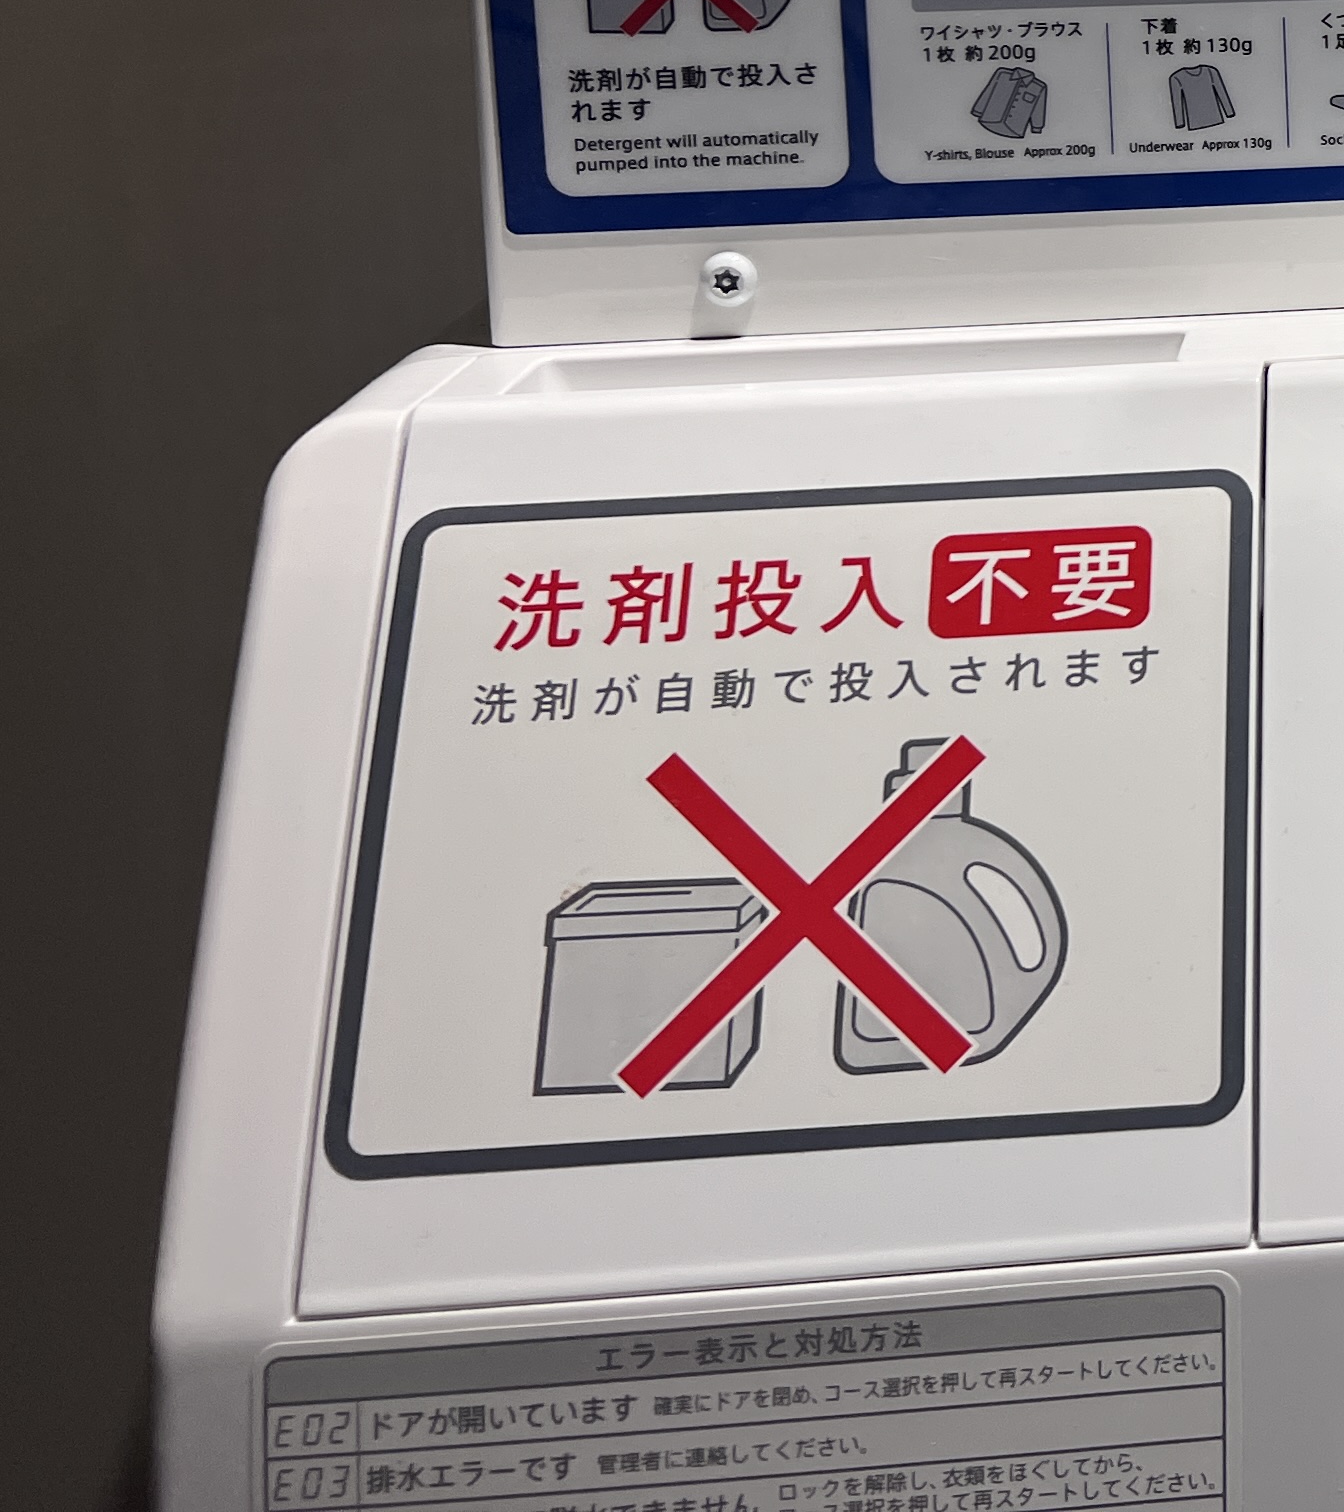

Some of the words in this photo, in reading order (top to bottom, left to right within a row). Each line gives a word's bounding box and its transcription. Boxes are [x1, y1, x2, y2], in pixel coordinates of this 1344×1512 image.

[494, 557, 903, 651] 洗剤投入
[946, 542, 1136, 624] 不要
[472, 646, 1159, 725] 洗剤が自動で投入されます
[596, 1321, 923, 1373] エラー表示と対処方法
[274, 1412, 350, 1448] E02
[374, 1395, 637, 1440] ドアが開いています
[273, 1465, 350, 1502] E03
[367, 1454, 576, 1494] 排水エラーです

**********

### THE PROBLEM
Set the preceding data down again word for word, omitting images.

### EXERCISE SOLUTION
Some of the words in this photo, in reading order (top to bottom, left to right within a row). Each line gives a word's bounding box and its transcription. Boxes are [x1, y1, x2, y2], in pixel coordinates of this 1344×1512 image.

[494, 557, 903, 651] 洗剤投入
[946, 542, 1136, 624] 不要
[472, 646, 1159, 725] 洗剤が自動で投入されます
[596, 1321, 923, 1373] エラー表示と対処方法
[274, 1412, 350, 1448] E02
[374, 1395, 637, 1440] ドアが開いています
[273, 1465, 350, 1502] E03
[367, 1454, 576, 1494] 排水エラーです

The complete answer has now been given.